Entries supplied –
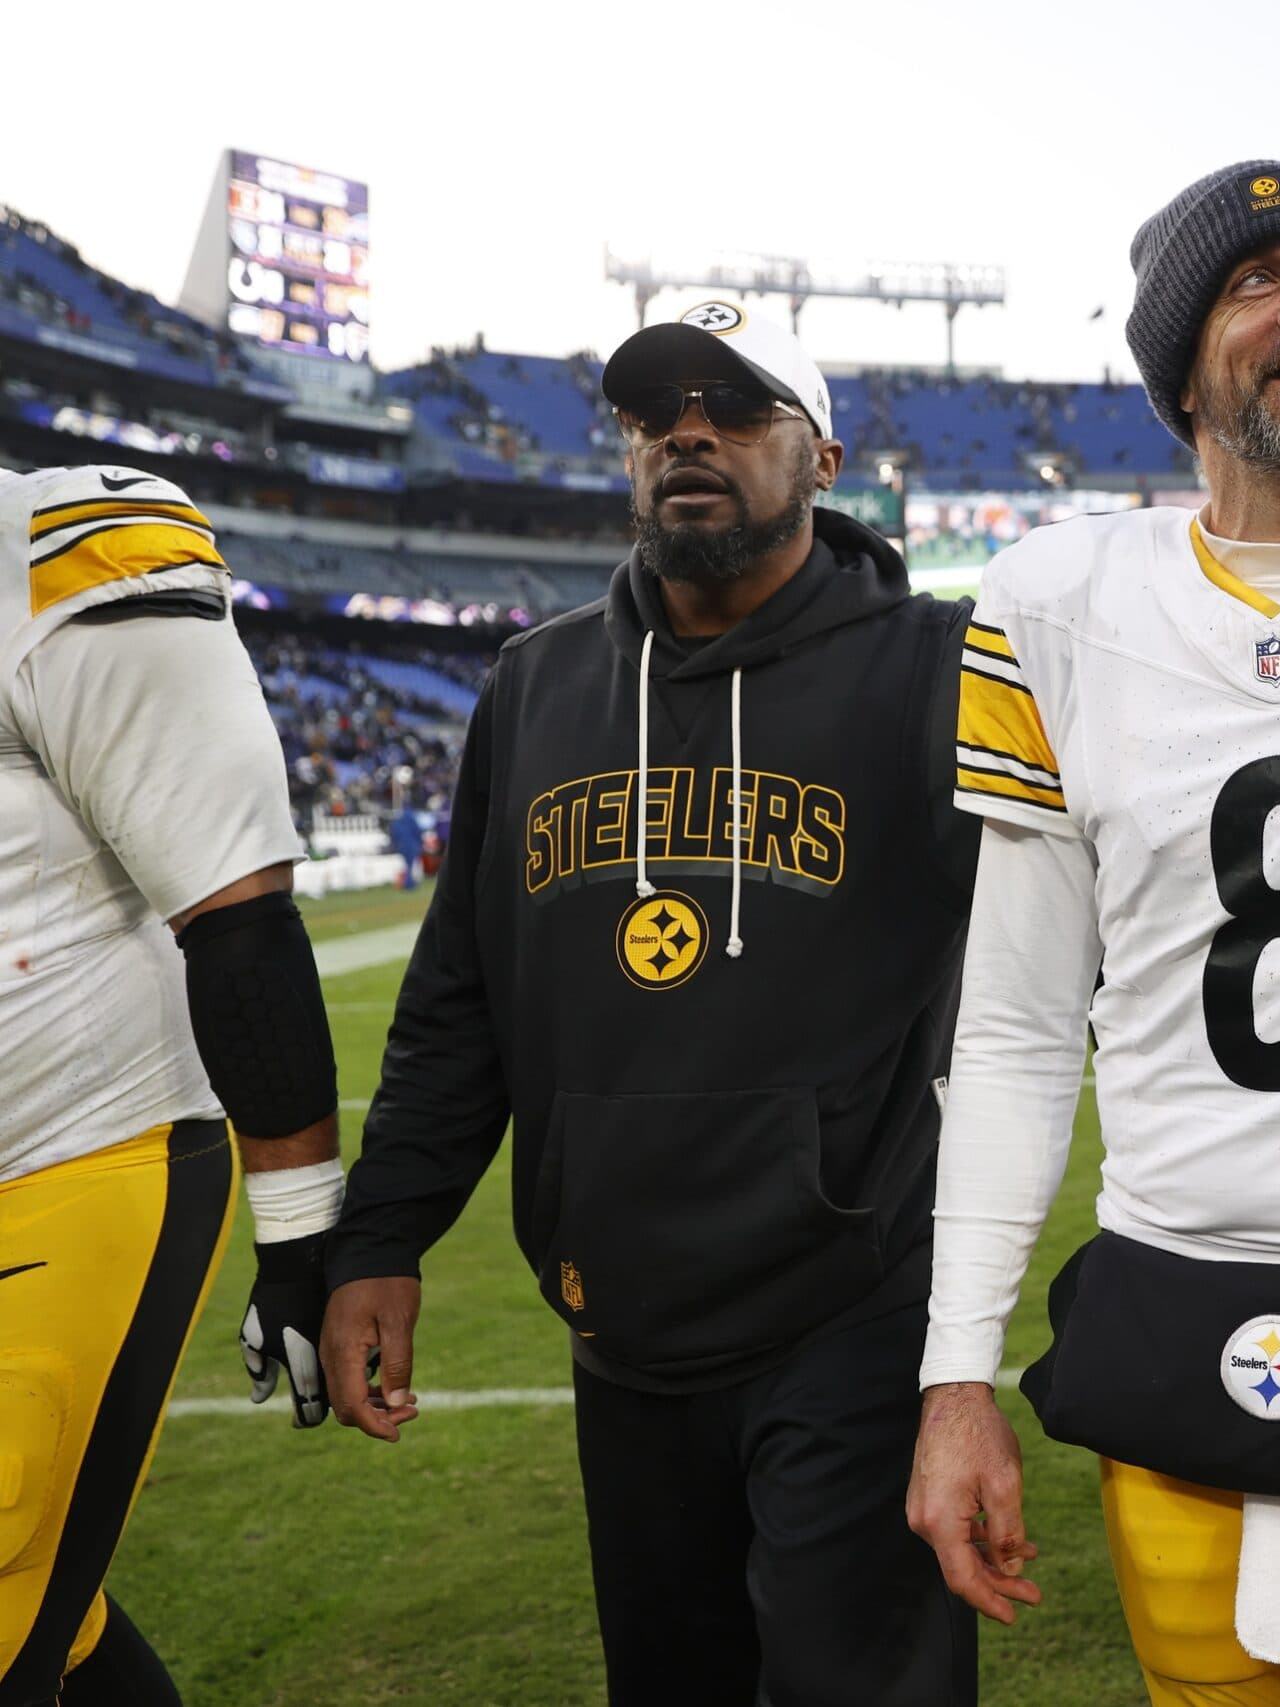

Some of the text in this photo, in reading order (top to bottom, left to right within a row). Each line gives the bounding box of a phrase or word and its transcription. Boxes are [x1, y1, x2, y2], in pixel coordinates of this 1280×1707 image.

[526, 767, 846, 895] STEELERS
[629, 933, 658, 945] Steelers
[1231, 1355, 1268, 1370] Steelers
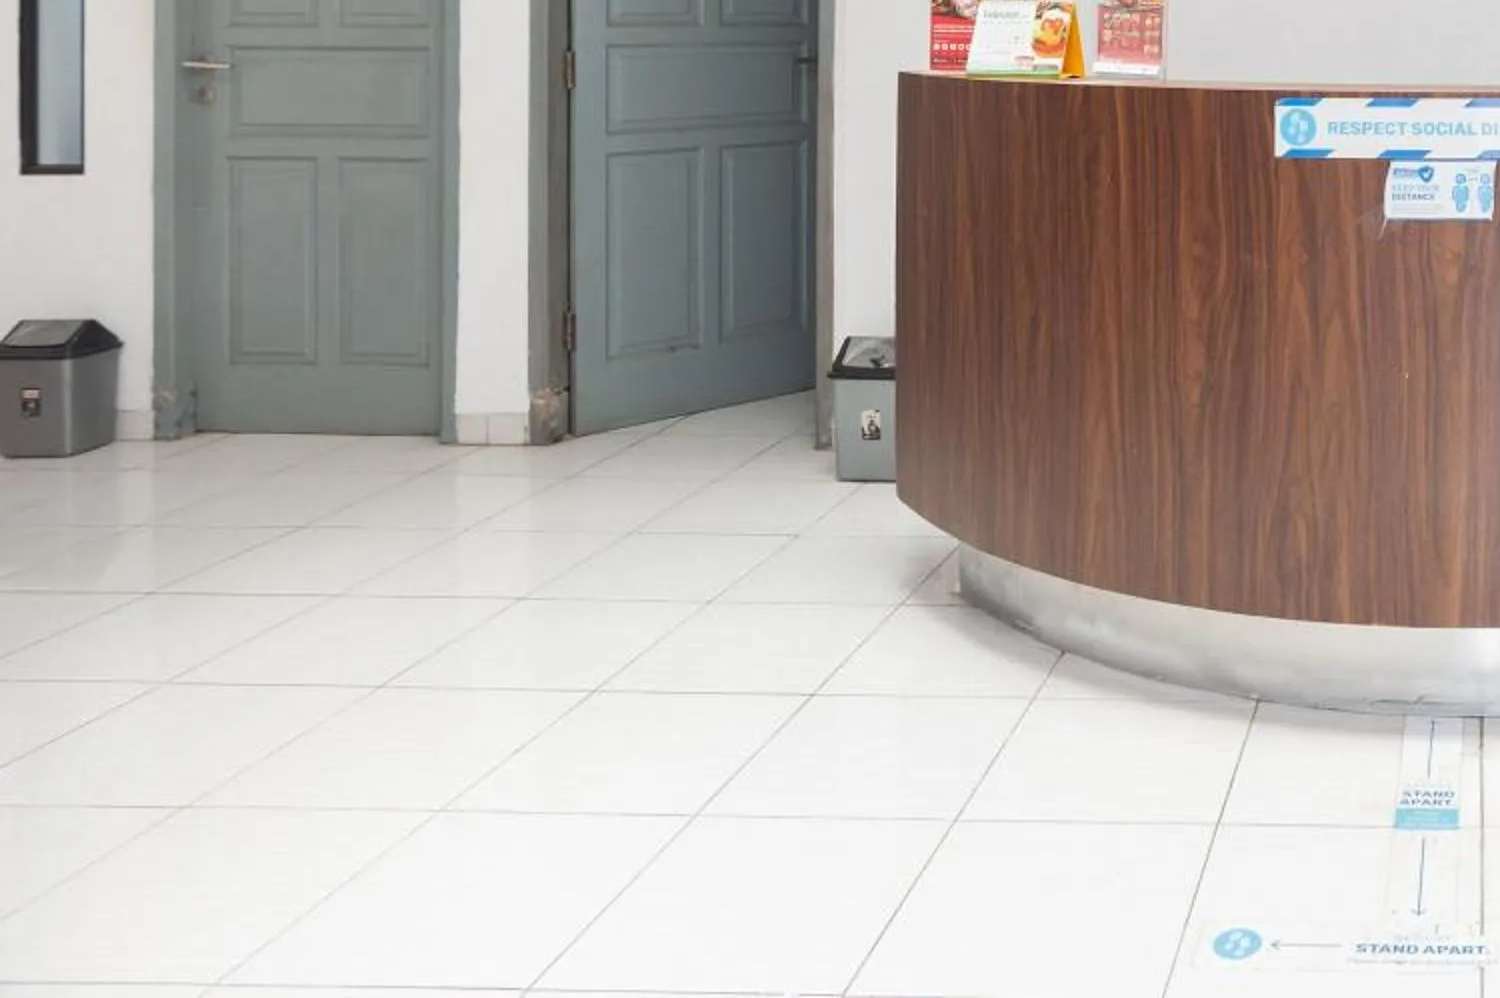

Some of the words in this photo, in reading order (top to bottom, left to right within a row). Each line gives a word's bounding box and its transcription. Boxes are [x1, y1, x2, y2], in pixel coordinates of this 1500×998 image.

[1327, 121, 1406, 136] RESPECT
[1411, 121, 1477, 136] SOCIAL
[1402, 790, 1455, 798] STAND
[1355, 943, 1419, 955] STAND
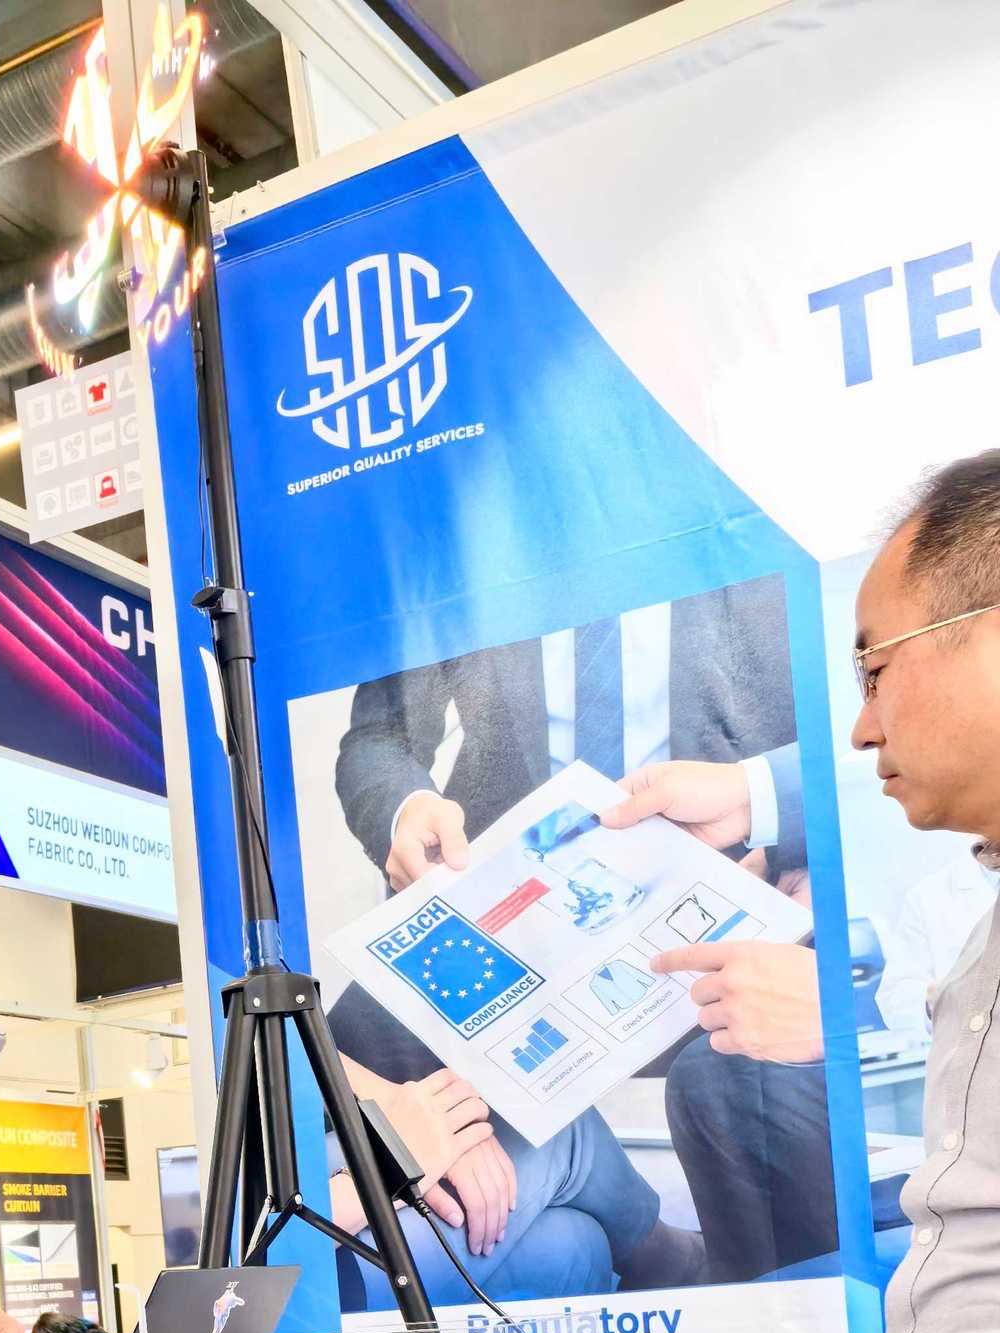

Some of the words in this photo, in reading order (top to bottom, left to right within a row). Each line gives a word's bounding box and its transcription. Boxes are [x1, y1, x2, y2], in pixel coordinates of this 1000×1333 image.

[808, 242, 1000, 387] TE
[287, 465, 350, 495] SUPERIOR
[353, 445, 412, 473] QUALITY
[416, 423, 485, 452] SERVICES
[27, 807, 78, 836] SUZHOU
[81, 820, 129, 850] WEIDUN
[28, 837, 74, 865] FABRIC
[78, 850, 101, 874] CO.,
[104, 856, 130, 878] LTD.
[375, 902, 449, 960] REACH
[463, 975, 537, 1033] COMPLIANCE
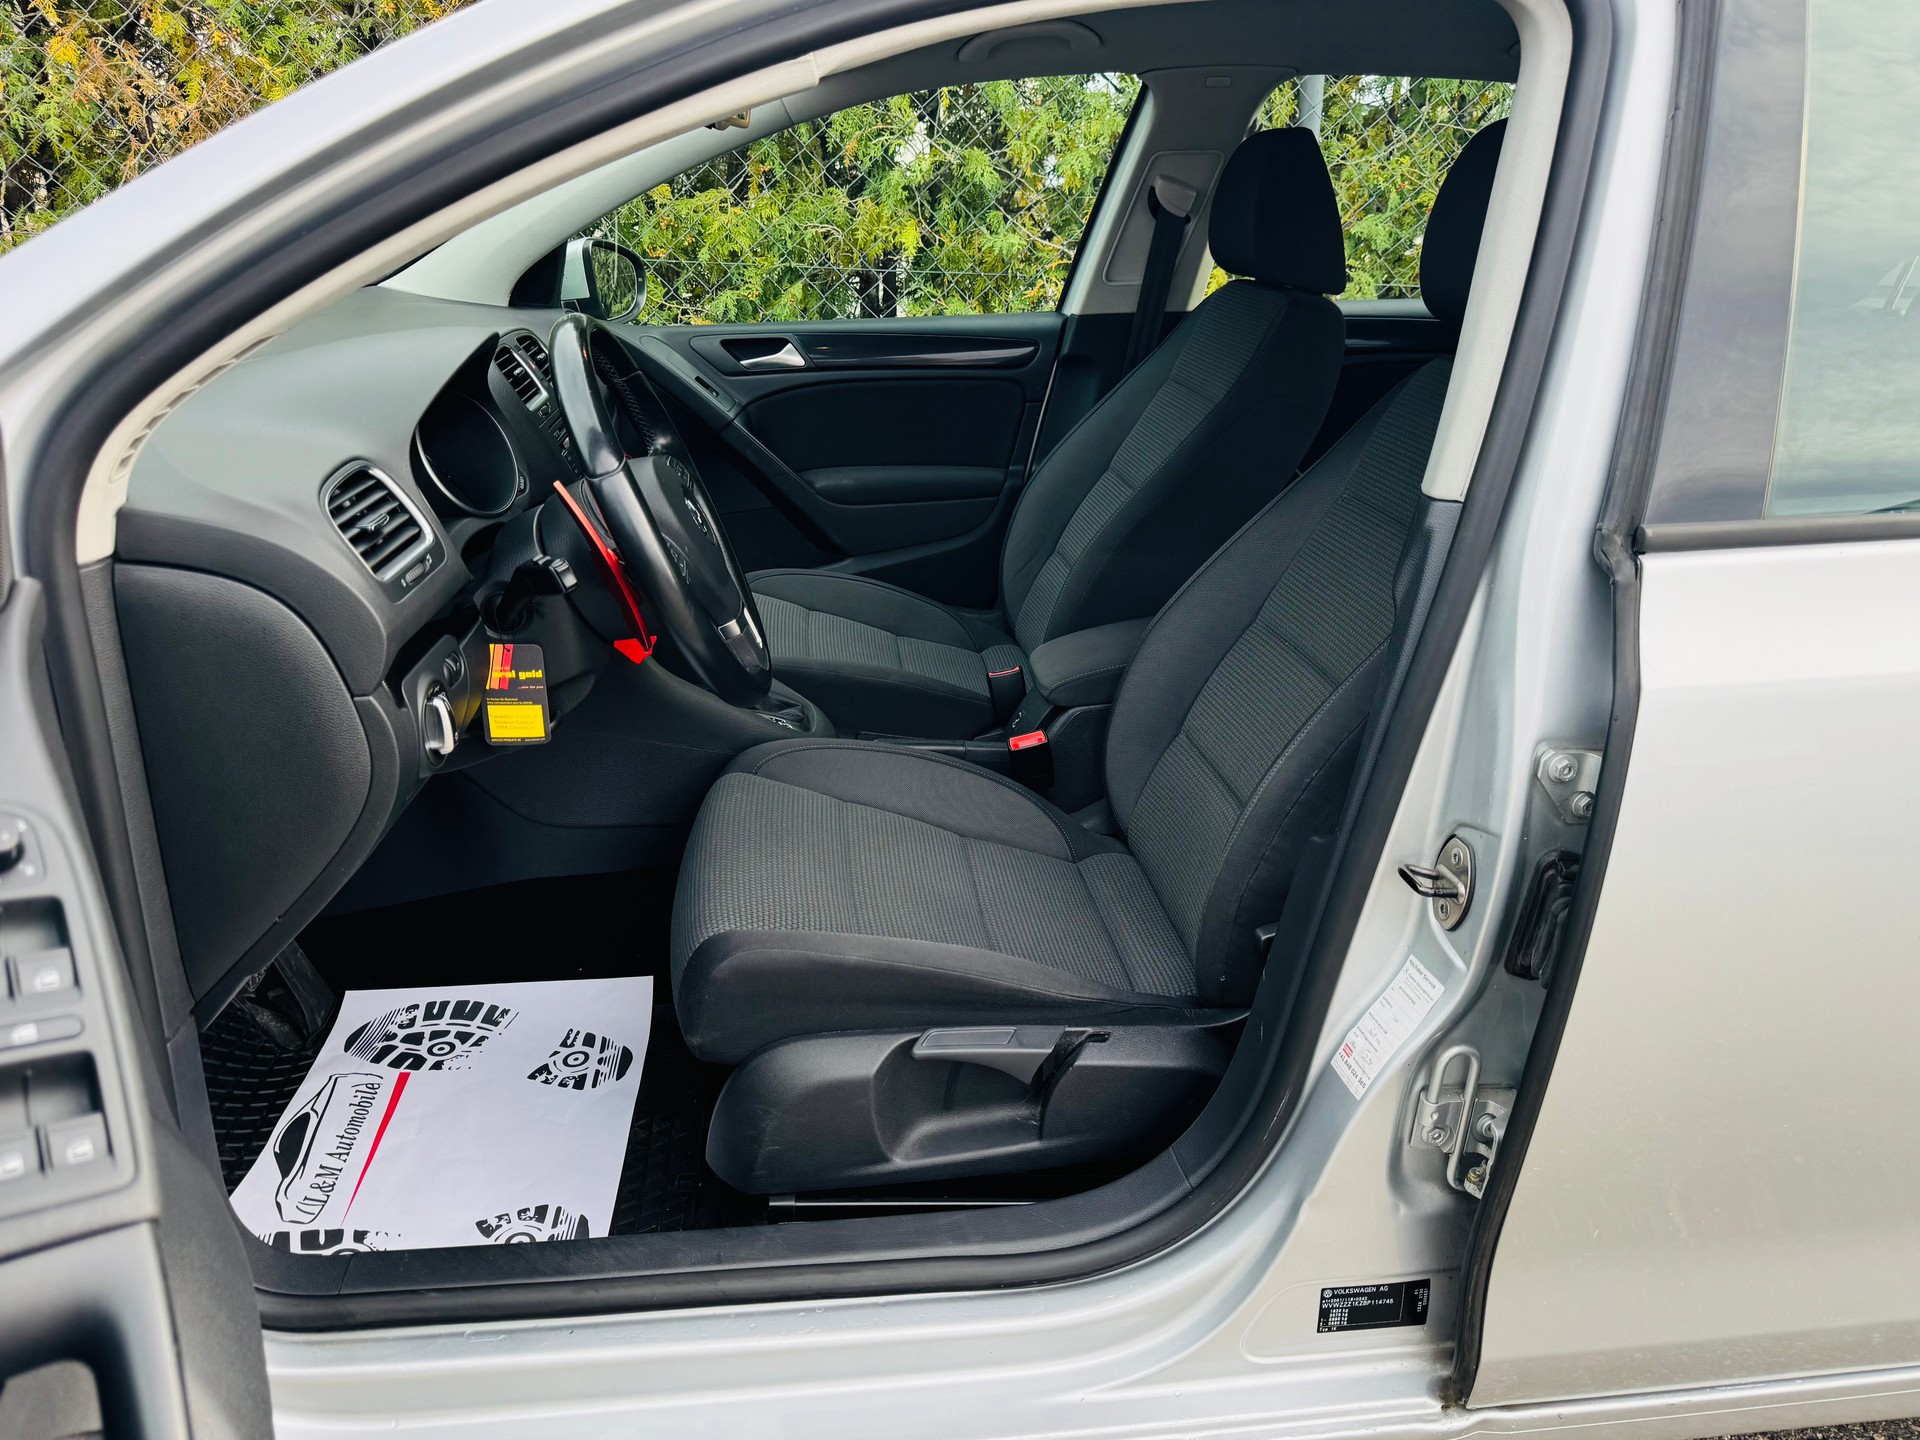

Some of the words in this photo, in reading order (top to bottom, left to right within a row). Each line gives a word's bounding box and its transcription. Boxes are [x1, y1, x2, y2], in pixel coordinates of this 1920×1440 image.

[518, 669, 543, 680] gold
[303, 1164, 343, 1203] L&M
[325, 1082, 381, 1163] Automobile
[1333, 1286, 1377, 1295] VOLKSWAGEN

Exercise objective – Give back the material above exactly, without pictures.

Completed exercise –
Some of the text in this photo, in reading order (top to bottom, left to right within a row). Each line gives the bounding box of a phrase or word and its transcription. Boxes are [x1, y1, x2, y2], in pixel coordinates of this 1280×1707 image.

[526, 767, 846, 895] STEELERS
[629, 933, 658, 945] Steelers
[1231, 1355, 1268, 1370] Steelers

Some of the words in this photo, in reading order (top to bottom, left to right within a row). Each line gives a word's bounding box and its transcription. Boxes are [x1, y1, x2, y2], in pixel coordinates of this 1500×998 image.

[1327, 121, 1406, 136] RESPECT
[1411, 121, 1477, 136] SOCIAL
[1402, 790, 1455, 798] STAND
[1355, 943, 1419, 955] STAND

Some of the words in this photo, in reading order (top to bottom, left to right within a row). Each line gives a word's bounding box and its transcription. Boxes are [x1, y1, x2, y2], in pixel coordinates of this 1000×1333 image.

[808, 242, 1000, 387] TE
[287, 465, 350, 495] SUPERIOR
[353, 445, 412, 473] QUALITY
[416, 423, 485, 452] SERVICES
[27, 807, 78, 836] SUZHOU
[81, 820, 129, 850] WEIDUN
[28, 837, 74, 865] FABRIC
[78, 850, 101, 874] CO.,
[104, 856, 130, 878] LTD.
[375, 902, 449, 960] REACH
[463, 975, 537, 1033] COMPLIANCE

Some of the words in this photo, in reading order (top to bottom, left to right within a row). Each line gives a word's bounding box and its transcription. Boxes are [x1, y1, x2, y2], in pixel coordinates of this 1920×1440 image.

[518, 669, 543, 680] gold
[303, 1164, 343, 1203] L&M
[325, 1082, 381, 1163] Automobile
[1333, 1286, 1377, 1295] VOLKSWAGEN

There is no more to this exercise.